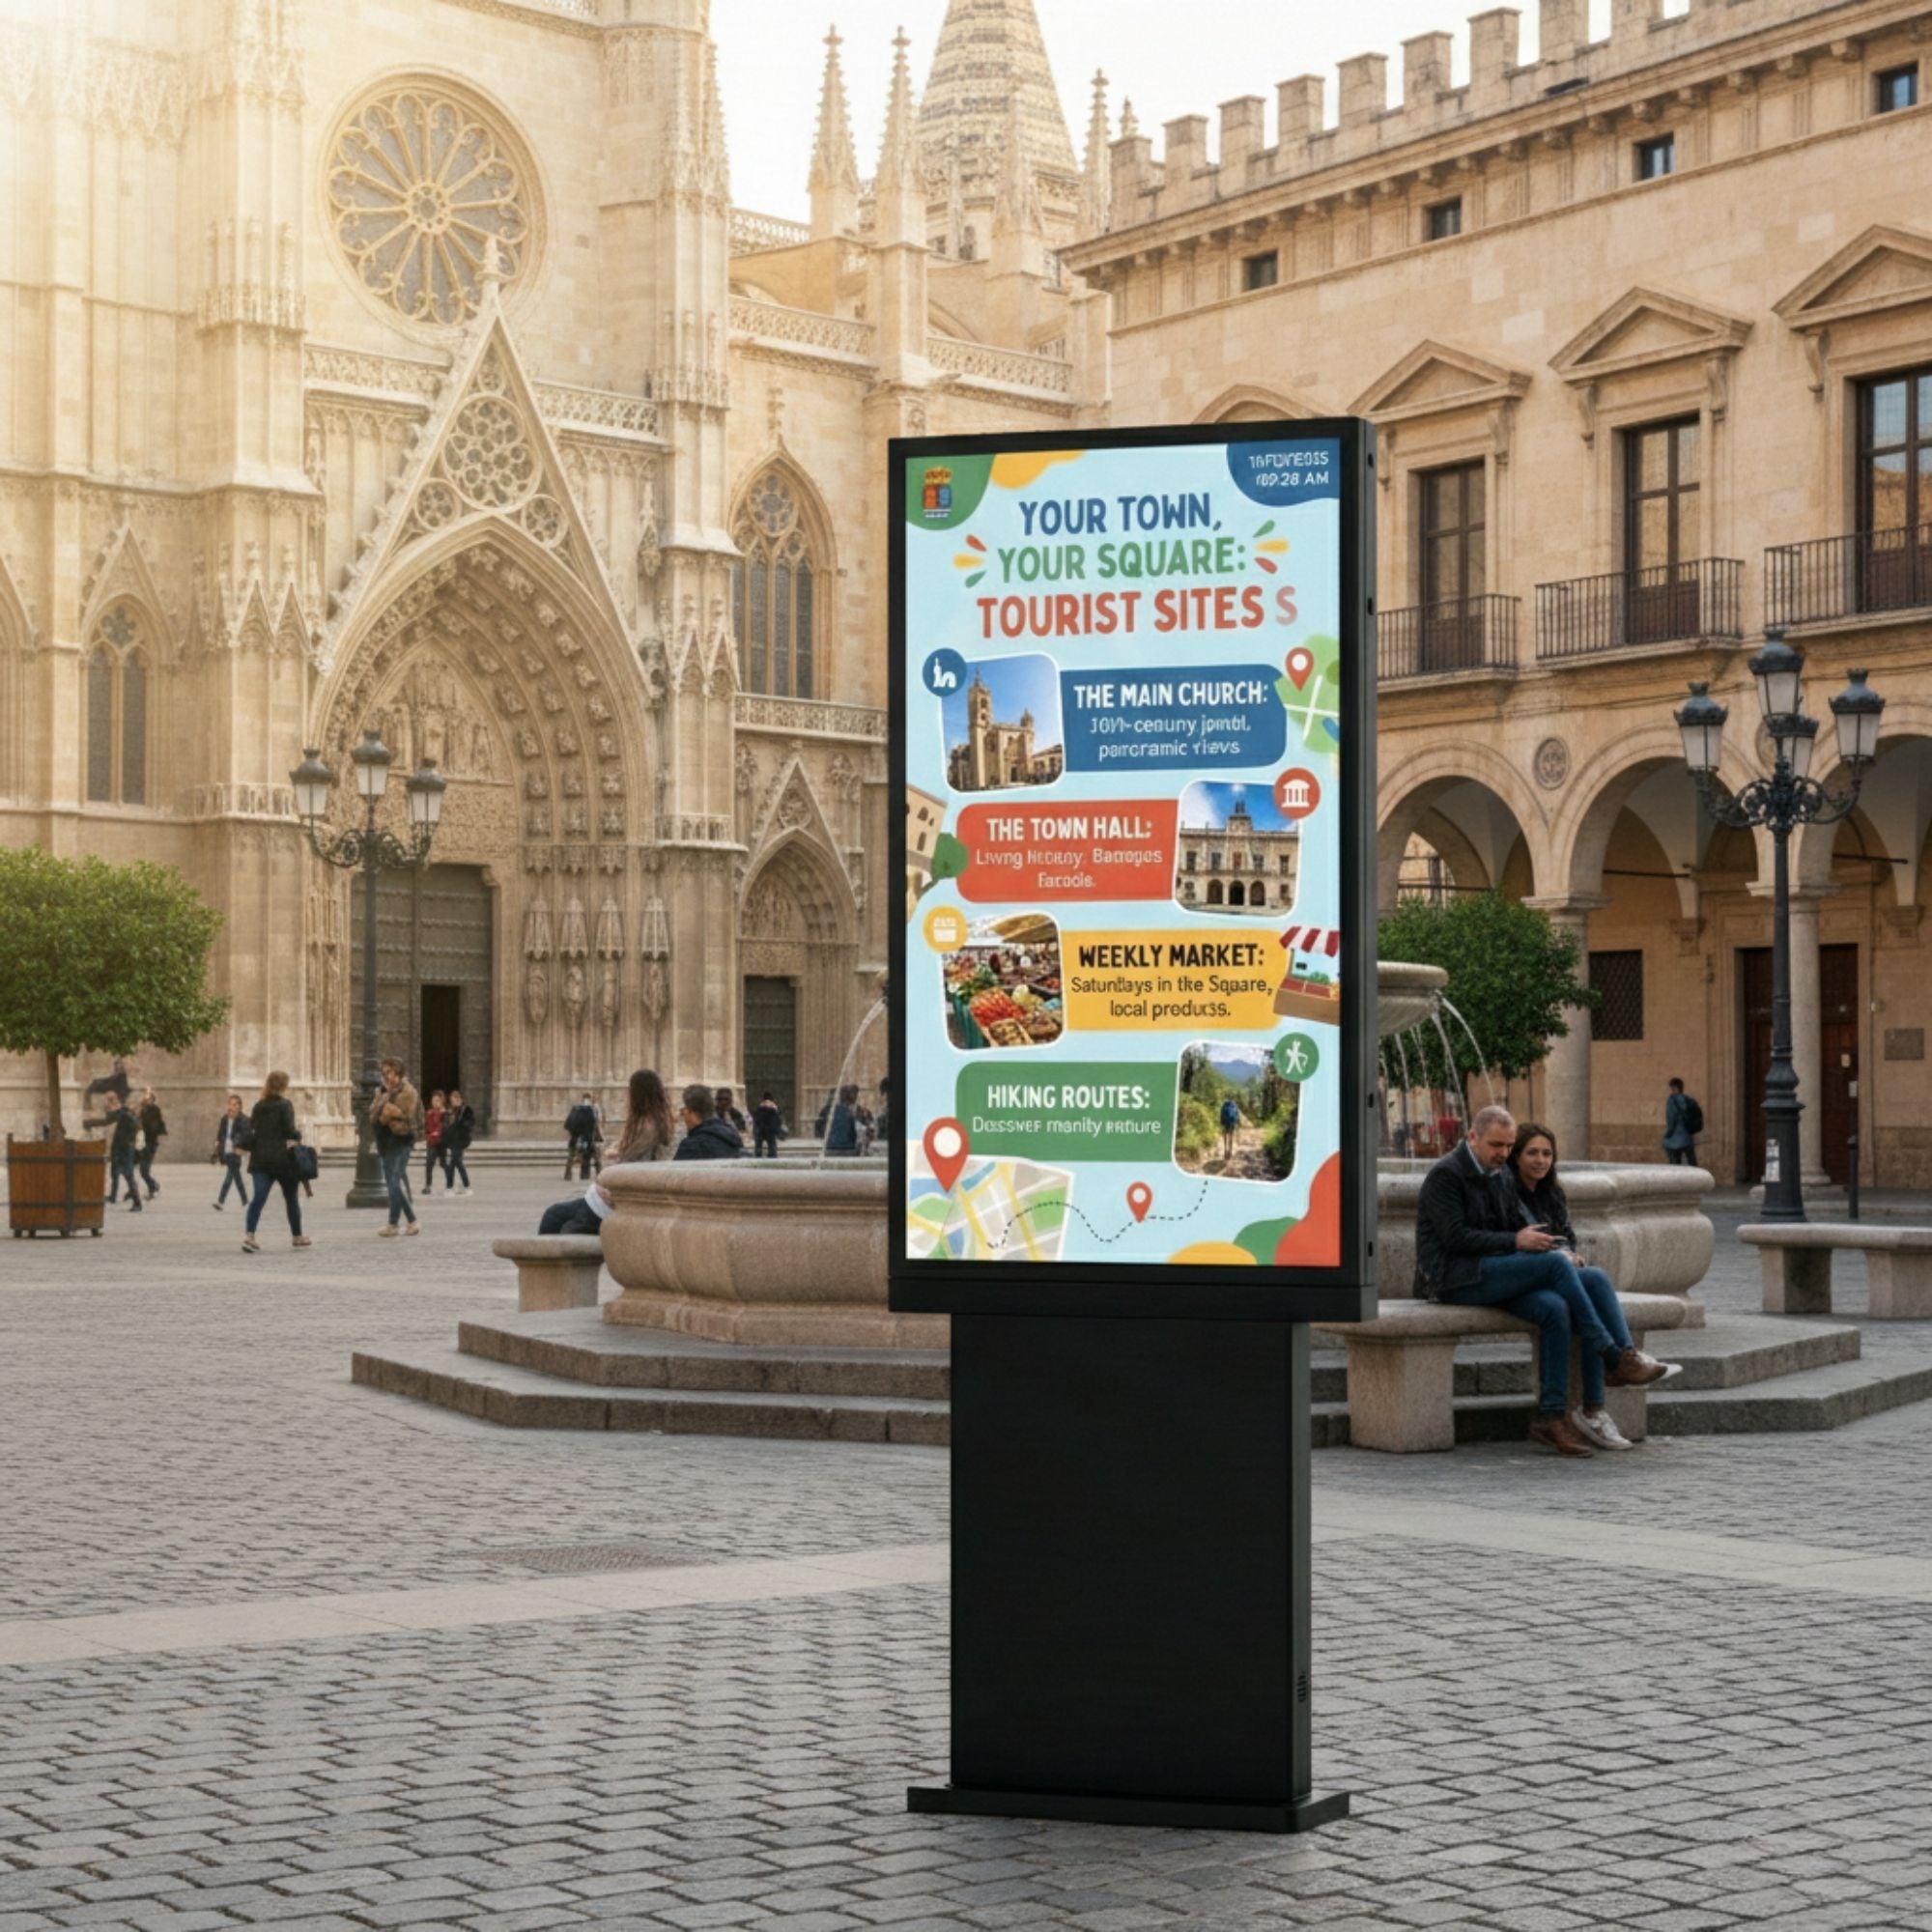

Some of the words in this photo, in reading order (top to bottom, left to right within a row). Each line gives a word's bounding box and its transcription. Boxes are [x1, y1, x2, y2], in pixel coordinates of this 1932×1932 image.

[1305, 470, 1329, 485] AM
[1019, 499, 1106, 535] YOUR
[1118, 493, 1222, 530] TOWN,
[997, 543, 1085, 582] YOUR
[1097, 537, 1246, 580] SQUARE:
[977, 591, 1141, 639] TOURIST
[1153, 585, 1264, 633] SITES
[1276, 586, 1297, 625] S
[1073, 684, 1115, 709] THE
[1121, 683, 1174, 707] MAIN
[1179, 681, 1268, 706] CHURCH:
[986, 818, 1025, 841] THE
[1030, 817, 1088, 840] TOWN
[1094, 816, 1152, 839] HALL:
[1079, 945, 1163, 968] WEEKLY
[1169, 943, 1264, 967] MARKET:
[1157, 977, 1173, 992] in
[1208, 975, 1273, 996] Square,
[1110, 1000, 1148, 1016] local
[987, 1085, 1056, 1109] HIKING
[1062, 1085, 1151, 1109] ROUTES:
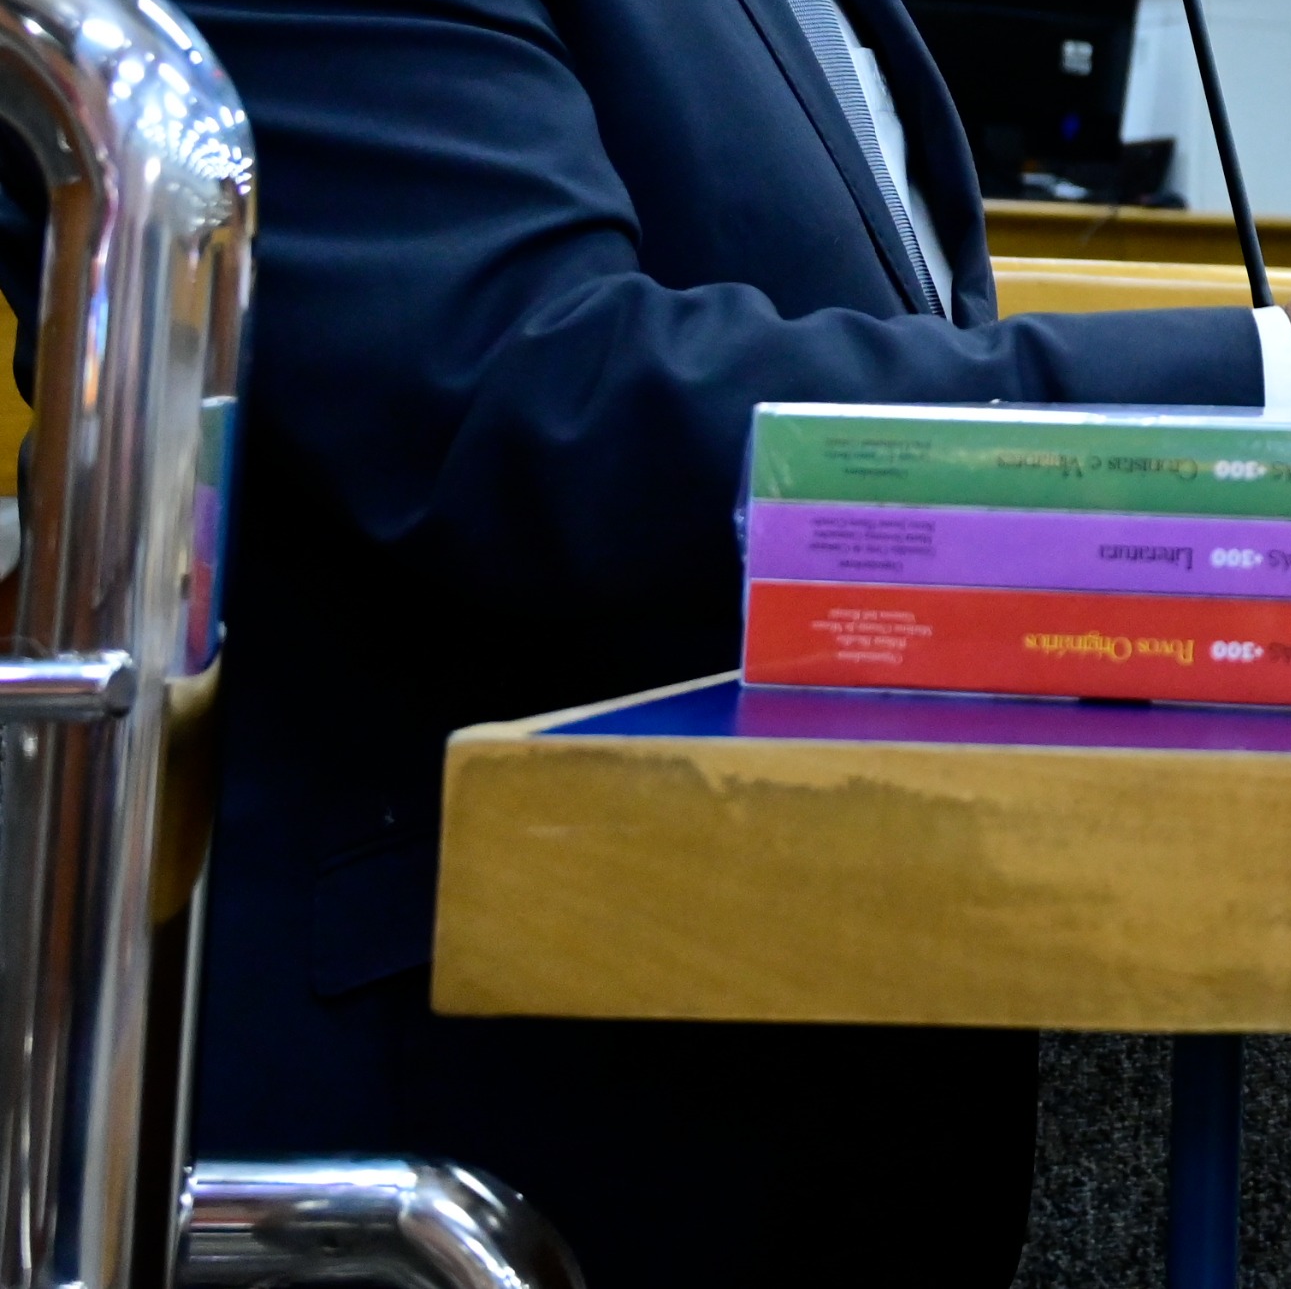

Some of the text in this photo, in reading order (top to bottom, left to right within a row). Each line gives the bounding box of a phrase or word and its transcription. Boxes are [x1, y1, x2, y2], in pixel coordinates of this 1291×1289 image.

[1108, 457, 1198, 481] Cronistas
[1098, 544, 1193, 570] Literatura
[1023, 629, 1195, 666] Povos Originários

* **How to complete this task**: For this exercise, return the material word for word and drop each image.

* **Solution for this problem**:
Some of the words in this photo, in reading order (top to bottom, left to right within a row). Each line gives a word's bounding box and its transcription. Boxes are [x1, y1, x2, y2], in pixel coordinates of this 1932×1932 image.

[1305, 470, 1329, 485] AM
[1019, 499, 1106, 535] YOUR
[1118, 493, 1222, 530] TOWN,
[997, 543, 1085, 582] YOUR
[1097, 537, 1246, 580] SQUARE:
[977, 591, 1141, 639] TOURIST
[1153, 585, 1264, 633] SITES
[1276, 586, 1297, 625] S
[1073, 684, 1115, 709] THE
[1121, 683, 1174, 707] MAIN
[1179, 681, 1268, 706] CHURCH:
[986, 818, 1025, 841] THE
[1030, 817, 1088, 840] TOWN
[1094, 816, 1152, 839] HALL:
[1079, 945, 1163, 968] WEEKLY
[1169, 943, 1264, 967] MARKET:
[1157, 977, 1173, 992] in
[1208, 975, 1273, 996] Square,
[1110, 1000, 1148, 1016] local
[987, 1085, 1056, 1109] HIKING
[1062, 1085, 1151, 1109] ROUTES:

Some of the text in this photo, in reading order (top to bottom, left to right within a row). Each line gives the bounding box of a phrase or word and its transcription. Boxes are [x1, y1, x2, y2], in pixel coordinates of this 1291×1289 image.

[1108, 457, 1198, 481] Cronistas
[1098, 544, 1193, 570] Literatura
[1023, 629, 1195, 666] Povos Originários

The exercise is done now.